ASSIGNMENT = Leaving out any pictures, print the entries that follow exactly as they stand.

GIVEN DATA =
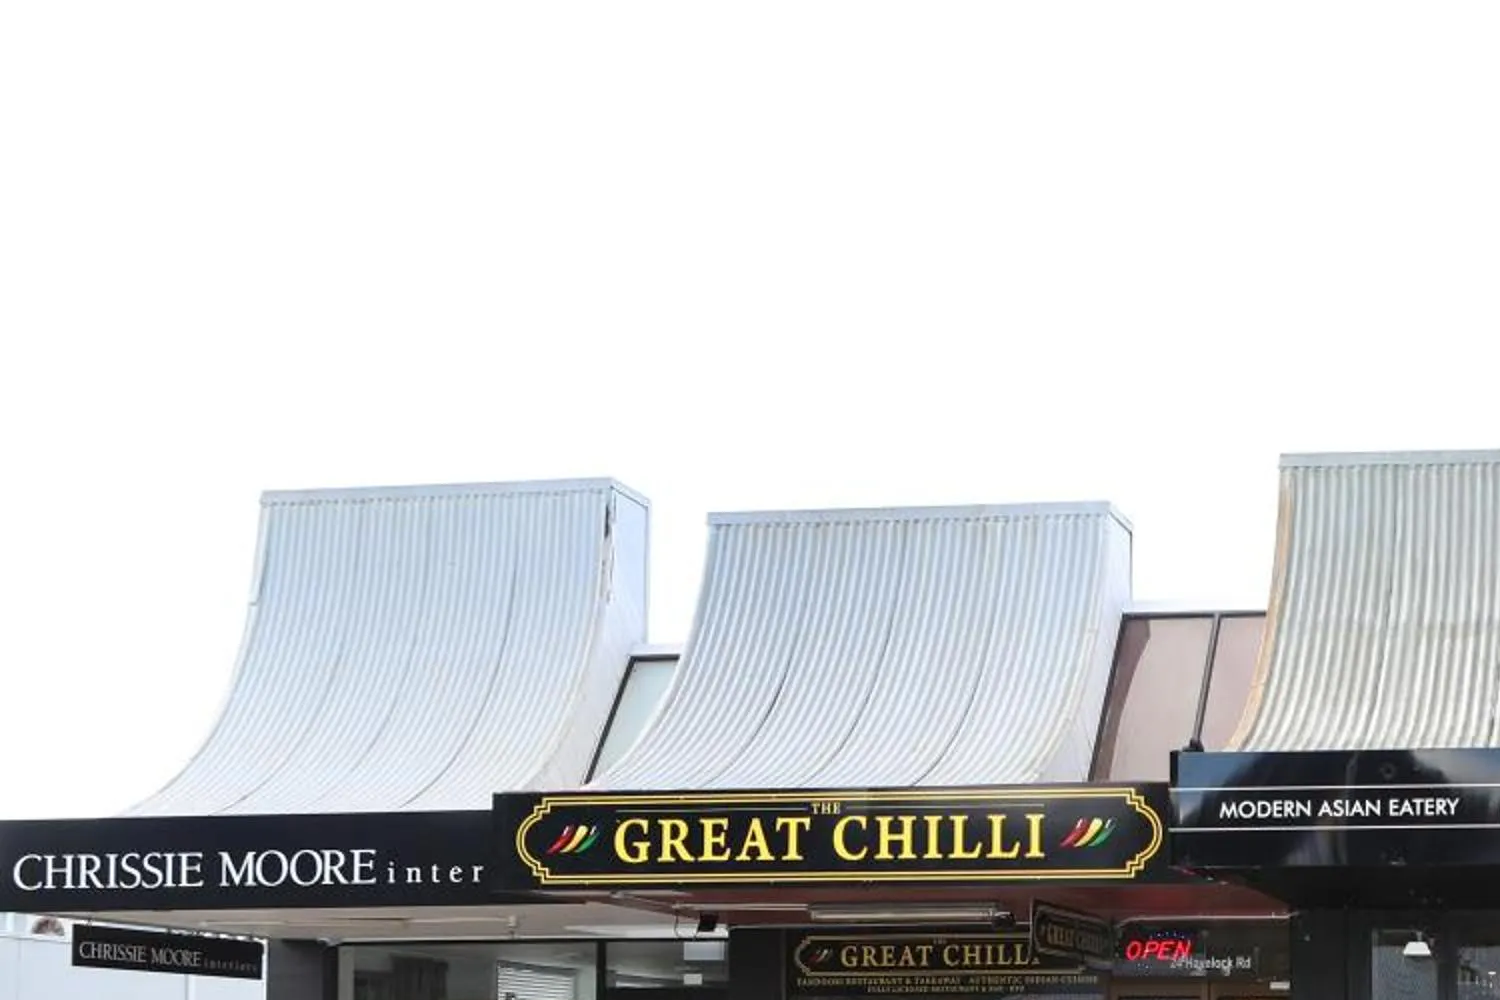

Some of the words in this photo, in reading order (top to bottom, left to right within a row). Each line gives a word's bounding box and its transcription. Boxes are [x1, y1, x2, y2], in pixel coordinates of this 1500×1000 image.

[811, 802, 842, 815] THE
[1218, 801, 1312, 820] MODERN
[1317, 799, 1382, 818] ASIAN
[1388, 798, 1460, 817] EATERY
[613, 816, 811, 864] GREAT
[832, 813, 1046, 861] CHILLI
[13, 852, 205, 890] CHRISSIE
[218, 849, 377, 887] MOORE
[387, 861, 485, 884] inter
[78, 940, 148, 964] CHRISSIE
[150, 948, 204, 968] MOORE
[840, 945, 933, 968] GREAT
[943, 942, 1041, 967] CHILL
[1125, 939, 1192, 961] OPEN
[1235, 955, 1252, 969] Rd
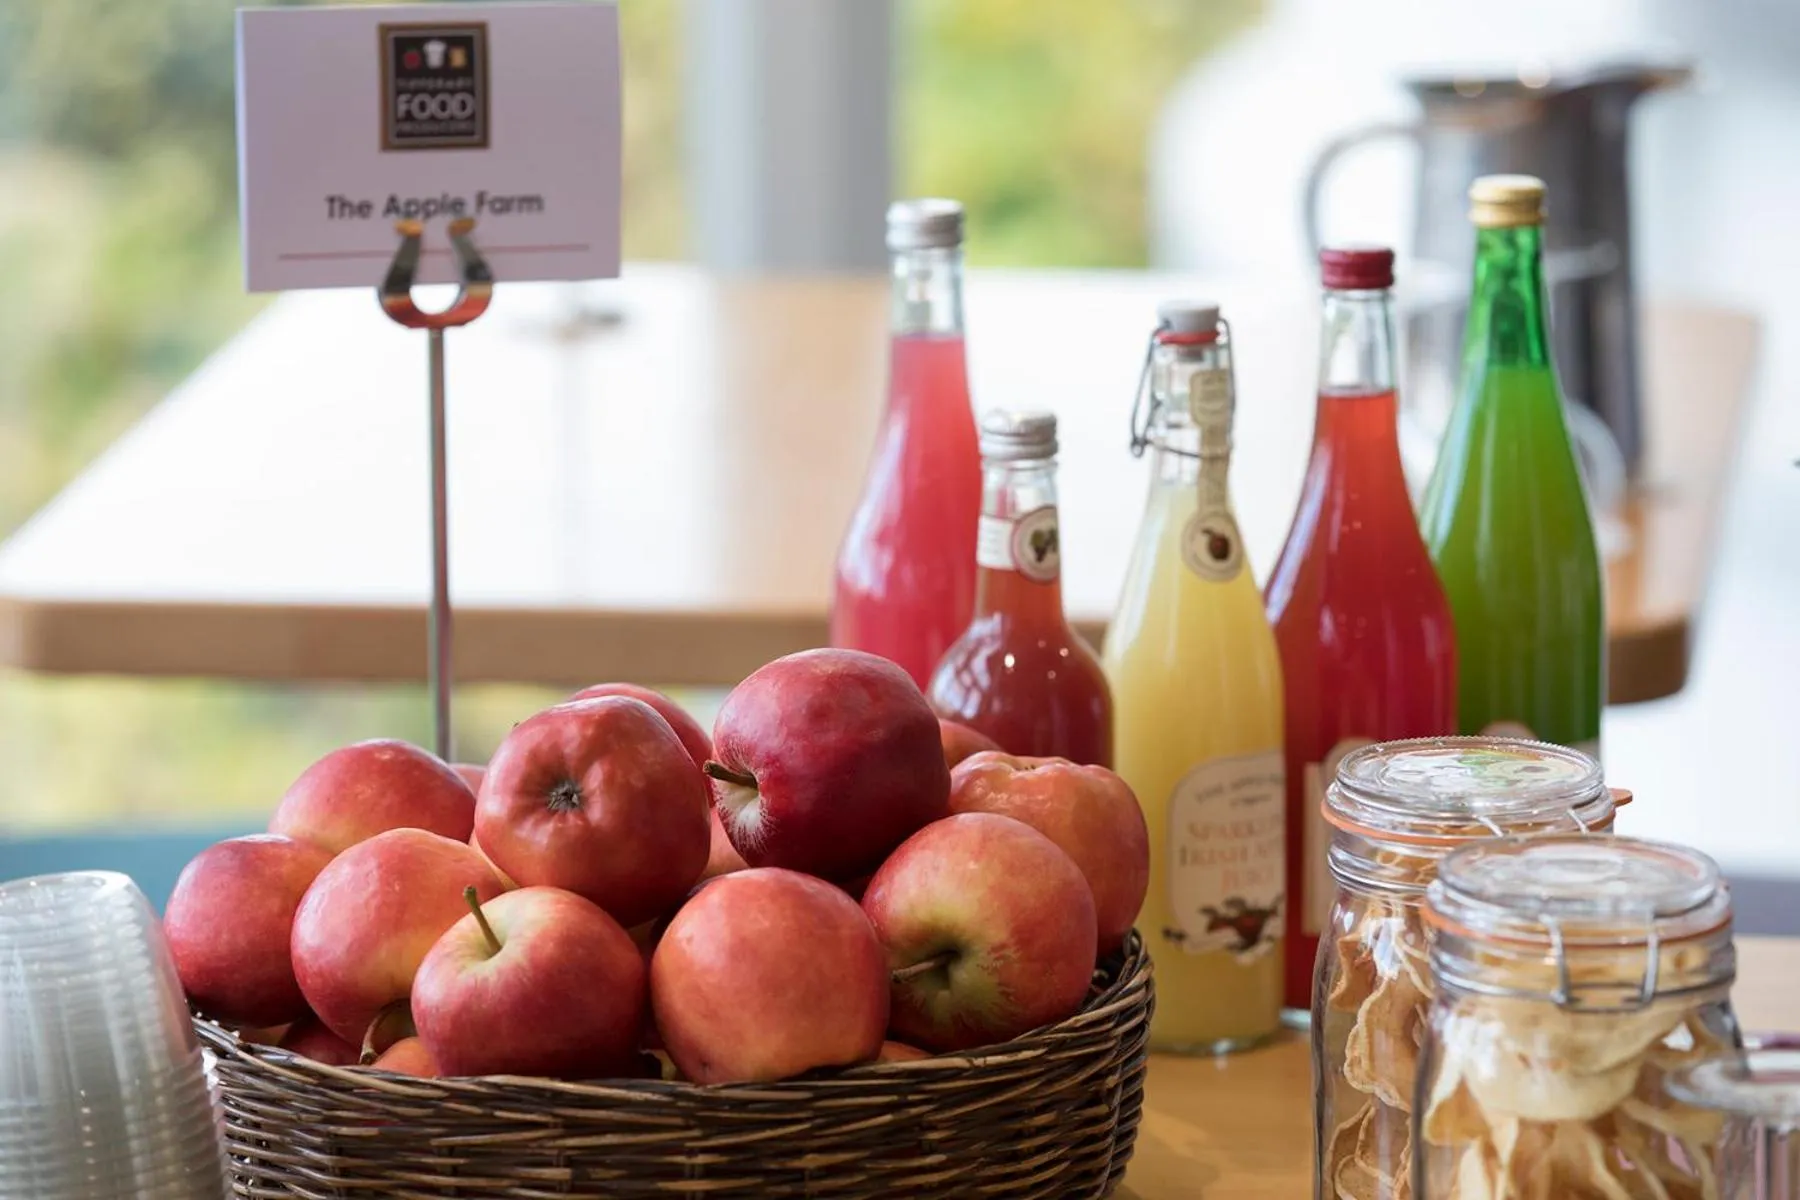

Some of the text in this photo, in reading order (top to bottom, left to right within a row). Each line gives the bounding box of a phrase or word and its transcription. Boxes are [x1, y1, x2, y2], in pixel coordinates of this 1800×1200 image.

TASK RESPONSE =
Some of the words in this photo, in reading order (top to bottom, left to right within a row). Each line gives a word's bounding box and its transcription. Boxes are [x1, y1, x2, y2], in pixel coordinates of this 1500×1000 image.

[811, 802, 842, 815] THE
[1218, 801, 1312, 820] MODERN
[1317, 799, 1382, 818] ASIAN
[1388, 798, 1460, 817] EATERY
[613, 816, 811, 864] GREAT
[832, 813, 1046, 861] CHILLI
[13, 852, 205, 890] CHRISSIE
[218, 849, 377, 887] MOORE
[387, 861, 485, 884] inter
[78, 940, 148, 964] CHRISSIE
[150, 948, 204, 968] MOORE
[840, 945, 933, 968] GREAT
[943, 942, 1041, 967] CHILL
[1125, 939, 1192, 961] OPEN
[1235, 955, 1252, 969] Rd

Some of the text in this photo, in reading order (top to bottom, left to right within a row). Each line gives the bounding box of a phrase or word and its transcription. Boxes are [x1, y1, x2, y2], in pixel coordinates of this 1800×1200 image.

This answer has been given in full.